Gone, but not forgotten.
Having spent a major part of my youth in the Nechells area, and lately after reading through some of the posts on this site it has brought to mind a couple of memories that I need help with.

Therefore I have two enquiries of which I think the first should be easily answered by any one of the forums slightly older than me ex-pats of Nechells. The second I think it will be of no trouble for Cromwell or someone with an interest in canals to answer.

My first enquiry is about a mission / church hall that used to be in Henry Street close to its junction with Francis Street. I think it was just adjacent to some Lucas warehouses and to enter you had to go up a set of steps. Any information about this hall would be appreciated. I seem to remember going there for meals occasionally (you know bring your own plate and mug sort of thing) this would be about 1954.
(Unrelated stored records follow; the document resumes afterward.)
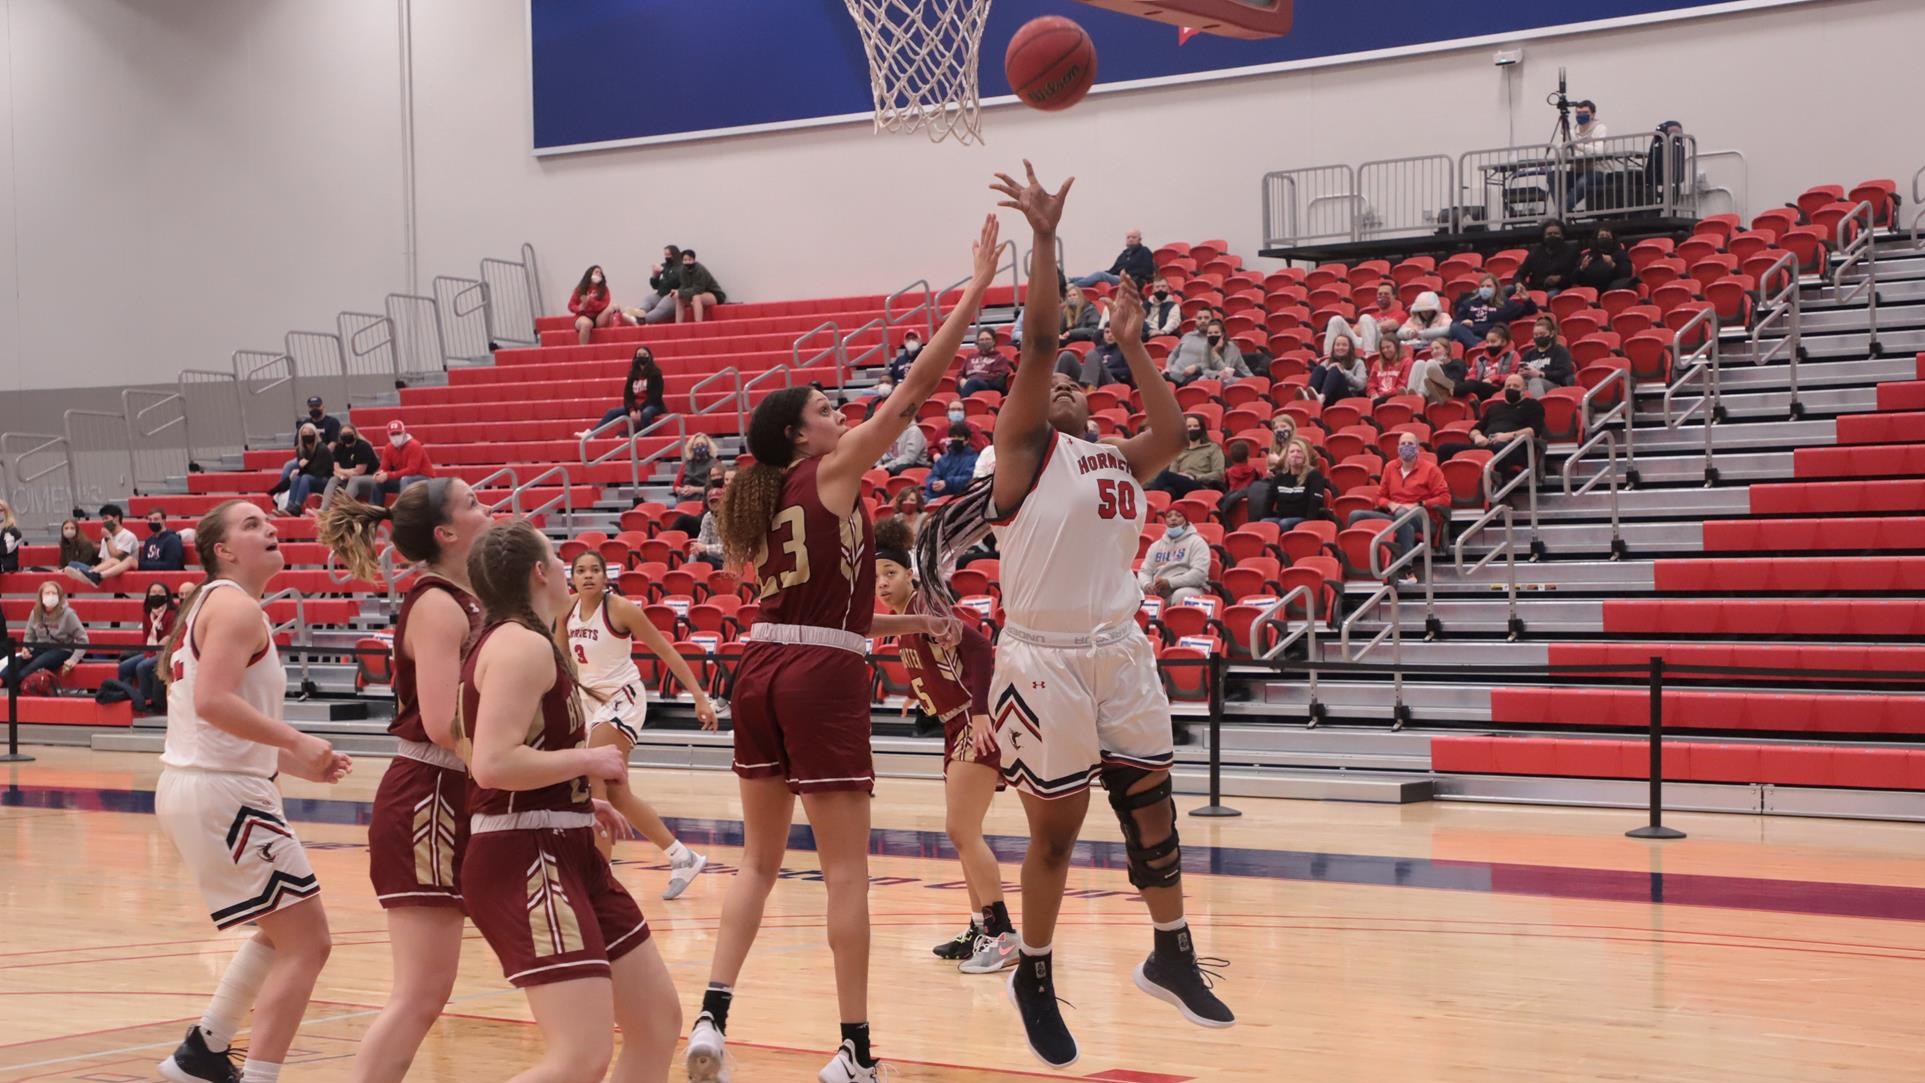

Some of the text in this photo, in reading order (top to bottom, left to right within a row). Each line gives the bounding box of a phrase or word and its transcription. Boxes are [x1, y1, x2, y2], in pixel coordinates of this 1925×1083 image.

[1027, 63, 1080, 102] Wilson
[0, 485, 104, 515] OMEN'S
[1096, 478, 1137, 519] 50
[574, 644, 588, 664] 3
[911, 676, 937, 717] 5
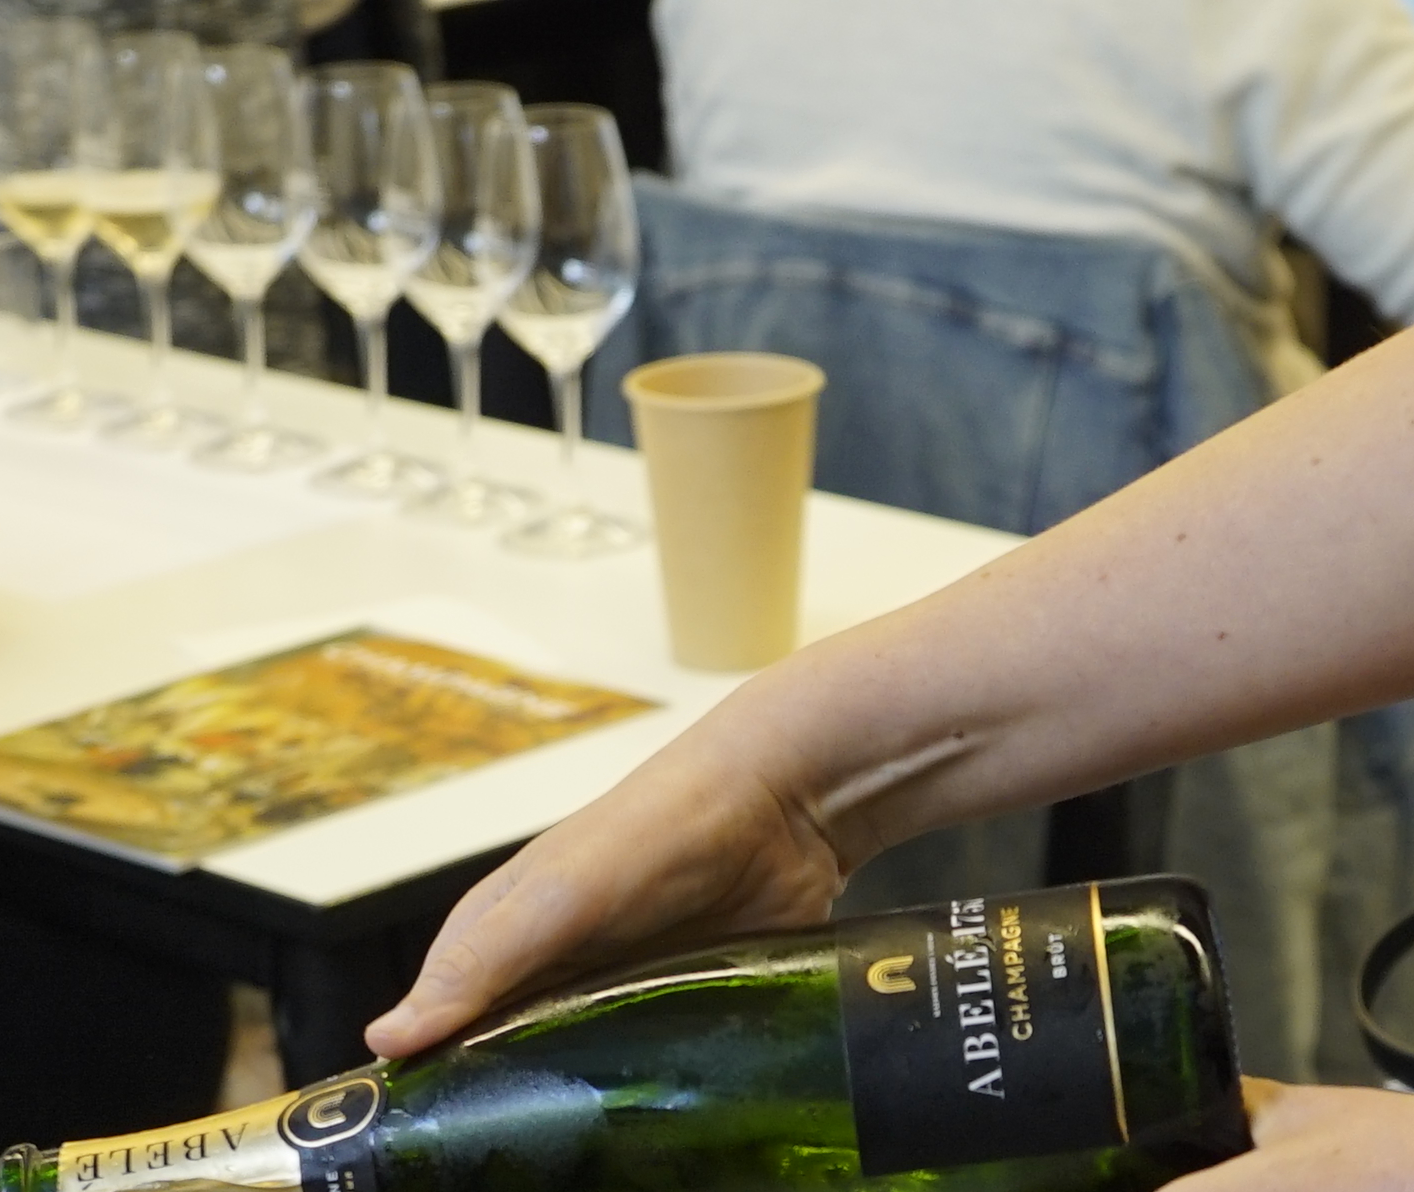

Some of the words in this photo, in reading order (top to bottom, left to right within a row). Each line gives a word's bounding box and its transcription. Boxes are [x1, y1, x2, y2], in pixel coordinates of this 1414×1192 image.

My second enquiry the one I think Cromwell might be able to help with is, on a 1960’s street map that I have been looking at it shows a spur of canal cutting in to a site where once stood a factory. This site is edged by Ashted Row, Windsor Street, Dartmouth Street and Henage Street. Now I remember playing on this site in the fifties and sixties and there certainly was no canal spur there. Can anybody enlighten me?

Cheers,

Pmc1947
 
The Old Ashted Wharf just above Ashted pumping station was built for the Malt factories in the vicinity making Beer Vinegar etc and was built upon just after the war, the old mission house you are talking about was run by the church but Pom can tell you more about that than I can as that was her stomping ground but map should pinpoint it for you
Pom will be back in New Zealand and on the forum next week
 
Cromwell, thanks so much for the information . Just one further thing I have a hazy recollection of a defunct concrete forming business in about the same location in the mid 50's.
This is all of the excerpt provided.